Kegiatan ini bertujuan meningkatkan sinergi lintas sektor dalam upaya pencegahan dan penanganan kasus KTPA, serta membentuk forum bersama sebagai wadah koordinasi antar lembaga.
Workshop yang dilaksanakan pada Rabu (18/9/2024) di Aula DPPPA Aceh ini juga memperkenalkan Standar Operasional Prosedur (SOP) dari Unit Pelaksana Teknis Daerah (UPTD) Perlindungan Perempuan dan Anak.
Kepala DPPPA Aceh, Meutia Juliana, mengatakan bahwa kolaborasi ini menjadi langkah strategis dalam memperkuat penanganan kasus kekerasan di Aceh. Menurutnya, tantangan dalam menangani kekerasan terhadap perempuan dan anak semakin kompleks sehingga diperlukan koordinasi yang solid.
“Perlindungan perempuan dan anak adalah tanggung jawab kita bersama. Dengan komitmen, kerja sama, dan sinergi antar pihak, kita dapat memberikan perlindungan yang lebih baik bagi mereka,” ungkapnya.
Selain itu, Meutia juga menekankan pentingnya lima program prioritas yang menjadi fokus pembangunan perempuan dan anak di Indonesia, sesuai arahan Presiden. Salah satunya adalah menurunkan angka kekerasan terhadap perempuan dan anak serta mencegah perkawinan usia dini.
Qanun Aceh: Landasan Hukum
Komitmen Pemerintah Aceh dalam menangani KTPA telah tertuang dalam Qanun Aceh Nomor 9 Tahun 2019. Kabid Perlindungan Hak Anak (PHA) DPPPA Aceh menegaskan bahwa qanun ini mengatur pentingnya kerja sama lintas sektor dalam memberikan layanan bagi korban, penegakan hukum, dan pencegahan kekerasan.

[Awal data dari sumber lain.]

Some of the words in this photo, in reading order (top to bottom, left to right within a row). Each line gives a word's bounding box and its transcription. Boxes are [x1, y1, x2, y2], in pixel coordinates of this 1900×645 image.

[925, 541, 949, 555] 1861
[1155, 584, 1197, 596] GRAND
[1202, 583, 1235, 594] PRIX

“Koordinasi yang baik dengan melibatkan tokoh agama, masyarakat, dan lembaga sosial dapat mencapai hasil optimal dalam penanganan dan pencegahan kekerasan,” jelasnya.
Kepala UPTD PPA DPPPA Aceh, Faulina, menambahkan bahwa kerja sama lintas sektor sangat diperlukan dalam menangani kasus KTPA. “Kami tidak dapat bekerja sendiri. Diperlukan keterlibatan semua pihak untuk memastikan penanganan yang komprehensif,” ujarnya.

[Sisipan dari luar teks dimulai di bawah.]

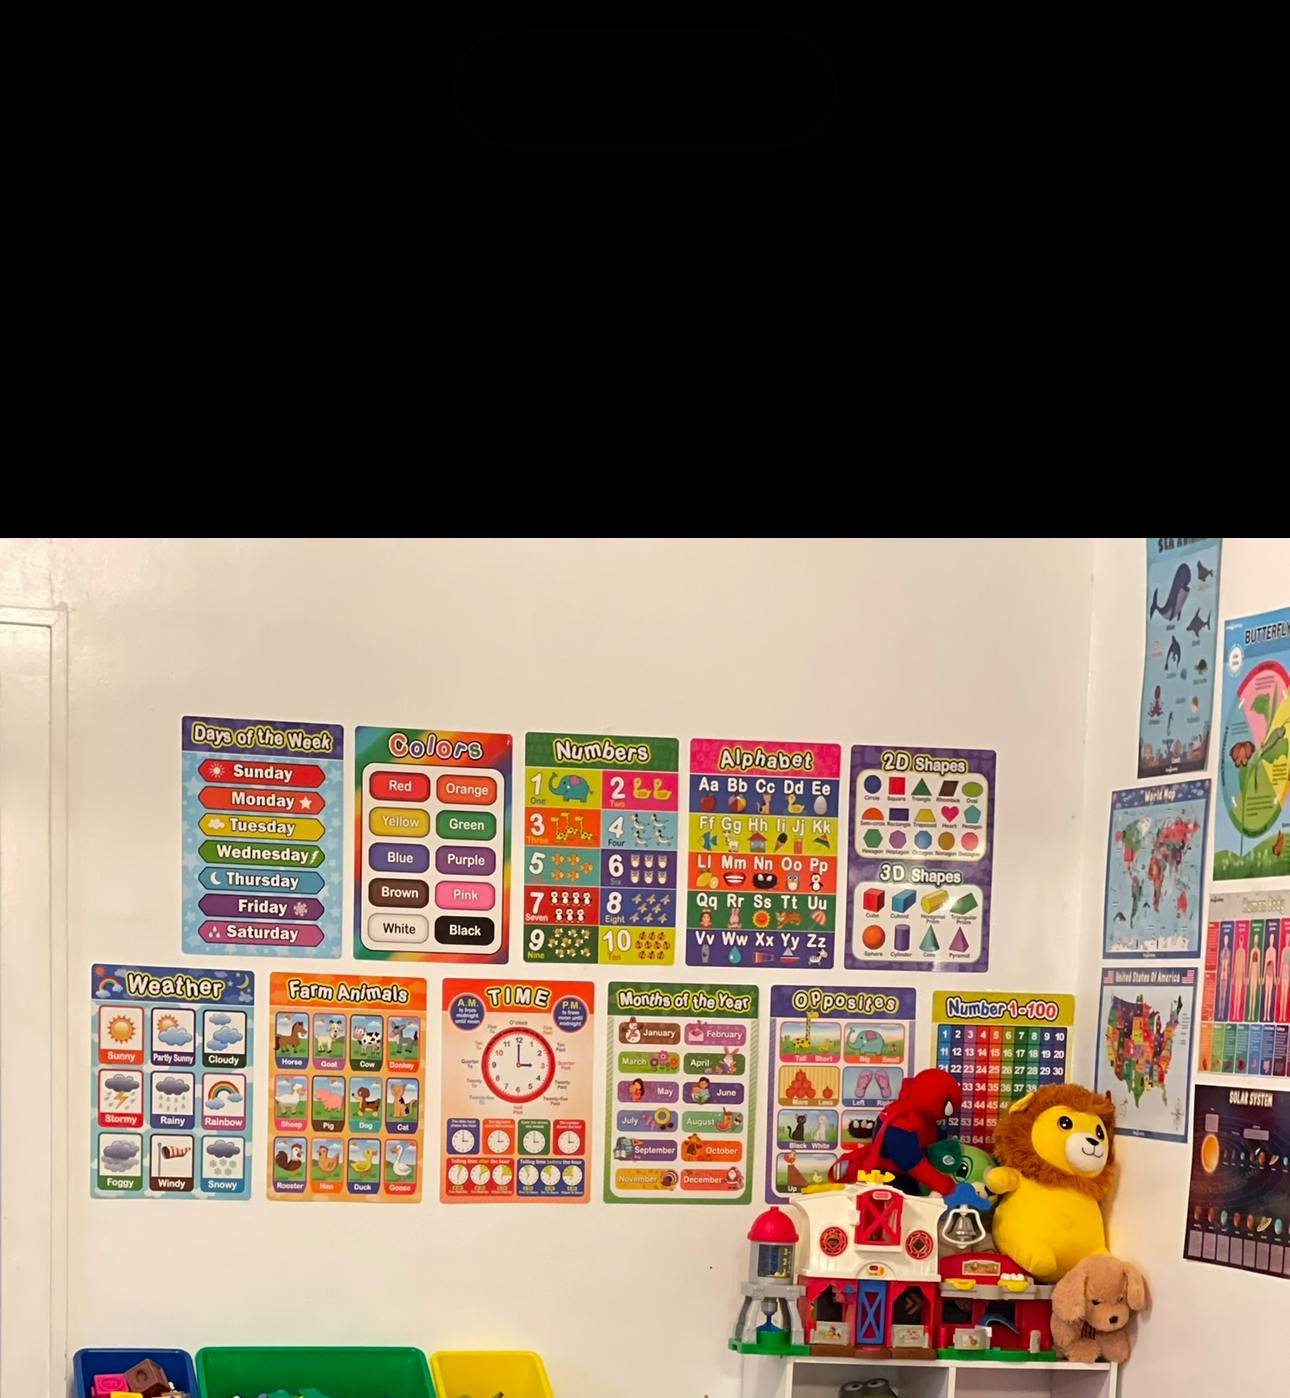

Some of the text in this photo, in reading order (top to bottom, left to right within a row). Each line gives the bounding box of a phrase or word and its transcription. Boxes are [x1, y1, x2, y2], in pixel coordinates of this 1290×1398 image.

[193, 724, 332, 752] Days of the Week
[389, 733, 482, 759] Colors
[555, 740, 649, 762] Numbers
[720, 747, 814, 770] Alphabet
[882, 752, 966, 774] 2D Shapes
[233, 764, 292, 783] Sunday
[388, 780, 412, 792] Red
[445, 783, 488, 796] Orange
[531, 773, 541, 795] 1
[610, 776, 626, 800] 2
[699, 777, 831, 795] Aa Bb Cc Dd Ee
[232, 791, 294, 810] Monday
[1144, 789, 1175, 802] World Map
[229, 818, 295, 837] Tuesday
[382, 816, 420, 828] Yellow
[449, 818, 485, 831] Green
[530, 813, 545, 836] 3
[609, 816, 624, 839] 4
[700, 817, 831, 836] Ff Gg Hh Ii Jj Kk
[608, 839, 625, 848] Four
[216, 844, 308, 864] Wednesday
[387, 851, 414, 864] Blue
[447, 854, 485, 868] Purple
[529, 852, 546, 874] 5
[608, 854, 623, 877] 6
[698, 856, 828, 874] Ll Mm Nn Oo Pp
[227, 872, 299, 890] Thursday
[880, 864, 961, 886] 3D Shapes
[381, 887, 419, 899] Brown
[453, 889, 479, 901] Pink
[530, 892, 544, 914] 7
[607, 891, 622, 915] 8
[697, 893, 827, 910] Qq Rr Ss Tt Uu
[238, 900, 287, 917] Friday
[525, 913, 549, 922] Seven
[605, 915, 625, 924] Eight
[226, 925, 298, 943] Saturday
[383, 923, 416, 935] White
[449, 924, 481, 937] Black
[529, 929, 544, 951] 9
[603, 929, 631, 952] 10
[696, 931, 826, 950] Vv Ww Xx Yy Zz
[528, 951, 544, 959] Nine
[1116, 971, 1180, 983] United States Of America
[127, 973, 223, 998] Weather
[288, 980, 409, 1003] Farm Animals
[457, 999, 479, 1007] A.M.
[487, 987, 550, 1008] TIME
[619, 990, 750, 1011] Months of the Year
[793, 990, 898, 1013] Opposites
[562, 1001, 582, 1009] P.M.
[947, 998, 1058, 1021] Number 1-100
[643, 1029, 676, 1038] January
[707, 1030, 743, 1040] February
[955, 1030, 961, 1038] 2
[967, 1031, 973, 1039] 3
[980, 1031, 986, 1039] 4
[993, 1031, 999, 1039] 5
[1006, 1031, 1011, 1039] 6
[1019, 1032, 1025, 1040] 7
[1031, 1032, 1037, 1040] 8
[1054, 1033, 1065, 1041] 10
[107, 1052, 136, 1062] Sunny
[153, 1053, 193, 1064] Partly Sunny
[208, 1055, 239, 1066] Cloudy
[281, 1058, 302, 1066] Horse
[690, 1059, 710, 1068] April
[320, 1060, 338, 1068] Goat
[389, 1061, 414, 1070] Donkey
[657, 1087, 674, 1097] May
[716, 1088, 736, 1096] June
[1229, 1090, 1273, 1107] SOLAR SYSTEM
[105, 1115, 137, 1125] Stormy
[160, 1116, 185, 1126] Rainy
[205, 1118, 242, 1127] Rainbow
[323, 1122, 334, 1131] Pig
[358, 1122, 373, 1130] Dog
[622, 1117, 639, 1126] July
[686, 1117, 714, 1127] August
[634, 1146, 676, 1155] September
[706, 1146, 738, 1155] October
[106, 1178, 134, 1188] Foggy
[158, 1179, 185, 1189] Windy
[208, 1180, 237, 1191] Snowy
[618, 1175, 657, 1183] November
[683, 1176, 722, 1184] December
[277, 1182, 304, 1190] Rooster
[787, 1185, 797, 1193] Up

Semenatara itu, Kasi tindak Lanjut Kasus UPTD PPA Aceh, Nurjanisah menegaskan, “Penanganan kasus kekerasan terhadap perempuan dan anak adalah tanggung jawab semua pihak bukan hanya UPTD PPA dan DPPPA. Kami tidak dapat bekerja sendiri dalam menangani kasus dan membutuhkan keterlibatan pihak-pihak terkait dalam melakukan penanganan. Kami berharap kerja bersama ini dapat keberlanjutan”.
Akademisi UIN Ar-Raniry dan juga Tokoh Agama, Nurjanah Ismail menegaskan bahwa pemenuhan hak perempuan dan perlindungan anak dalam Islam juga dijamin.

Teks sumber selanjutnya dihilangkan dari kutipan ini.